Así, Alejandro logra frenar la ofensiva persa y, con su maniobra, vence al enemigo. Darío consigue librarse del cerco fatal y huye, como en Issos. Pero esta vez el ave fénix no renacerá de sus cenizas. Poco tiempo después, uno de sus generales lo traiciona y acaba siendo asesinado sin haber podido reunirse con su familia. Con él, muere la dinastía de los aqueménidas. Alejandro se adueña de su Imperio, pero no modifica las fronteras. Continúa su aventura en India y, recién entonces, su entorno logra convencer­ lo de atemperar su ímpetu conquistador. Muere en 324 a. C., a los treinta y tres años. A esa edad, Darío aún no había asumido como emperador. Nunca le perdonará a Parmenión haberle impedido atrapar a su presa.

Con la muerte de Alejandro, se desmiembra el inmenso aunque frágil Imperio que había construido: sus generales más poderosos se atribuían una parte del territorio, que se dividió en tres: la Macedonia antigónida, el Asia seléucida y el Egipto lágida. La fragmentación precedió a la inexorable descomposición de cada uno de los tres imperios residuales. El Imperio persa renace en el siglo iii con el fundador de la dinastía sasánida, Ardashir, quien invoca a sus gloriosos antepasados: Ciro el Grande, Darío el Grande y Jerjes. De más está decir que la figura de Darío III, símbolo de la abrupta caída del primer Imperio, es condenada al descrédito. Lo mismo hacen los iraníes hasta el día de hoy con el “Maldito Alejandro”.

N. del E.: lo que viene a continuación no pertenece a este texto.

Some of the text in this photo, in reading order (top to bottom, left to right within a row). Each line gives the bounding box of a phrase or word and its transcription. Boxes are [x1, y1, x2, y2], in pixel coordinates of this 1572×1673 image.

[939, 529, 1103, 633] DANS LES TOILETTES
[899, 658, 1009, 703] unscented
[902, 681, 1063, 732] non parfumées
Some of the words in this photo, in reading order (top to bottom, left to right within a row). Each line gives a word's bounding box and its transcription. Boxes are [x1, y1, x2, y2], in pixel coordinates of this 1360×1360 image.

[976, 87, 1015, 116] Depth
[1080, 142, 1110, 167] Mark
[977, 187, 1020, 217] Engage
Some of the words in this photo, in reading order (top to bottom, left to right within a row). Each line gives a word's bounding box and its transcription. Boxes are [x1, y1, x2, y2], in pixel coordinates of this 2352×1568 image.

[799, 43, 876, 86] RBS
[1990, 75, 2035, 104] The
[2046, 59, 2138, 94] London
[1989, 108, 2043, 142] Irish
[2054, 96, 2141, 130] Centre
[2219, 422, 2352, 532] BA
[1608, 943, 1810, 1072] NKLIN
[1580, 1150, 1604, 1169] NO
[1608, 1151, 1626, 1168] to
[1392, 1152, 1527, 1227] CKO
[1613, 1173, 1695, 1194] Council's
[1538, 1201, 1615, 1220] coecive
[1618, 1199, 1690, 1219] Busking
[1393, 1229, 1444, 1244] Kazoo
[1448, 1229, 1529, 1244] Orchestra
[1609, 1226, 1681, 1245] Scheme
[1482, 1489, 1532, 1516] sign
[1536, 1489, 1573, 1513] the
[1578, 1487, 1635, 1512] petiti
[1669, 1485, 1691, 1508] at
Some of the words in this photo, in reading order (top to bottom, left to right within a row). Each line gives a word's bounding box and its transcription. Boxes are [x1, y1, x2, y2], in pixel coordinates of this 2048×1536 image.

Pero Darío tiene sus méritos. ¿Acaso algún hombre podría haber detenido a Alejandro? Y sin ese adversario tenaz y organi­ zado a pesar de todo, sin la energía denodada que desplegó para frenar al invasor y salvar su Imperio, tal vez Alejandro no hubiera alcanzado la cima de la gloria, ni se hubiera convertido en el más extraordinario de todos los comandantes y en una de las figuras más descollantes de la historia de la humanidad. Pero así como el duelo es un acto sublime para uno de ellos, para el otro es una tragedia. Y nada transmite mejor el penoso destino de aquel que ha caído en desgracia que aquella tremenda frase que, unos años antes, había pronunciado el galo Breno durante el atroz saqueo de Roma (390 a. C.): “¡Ay de los vencidos!”.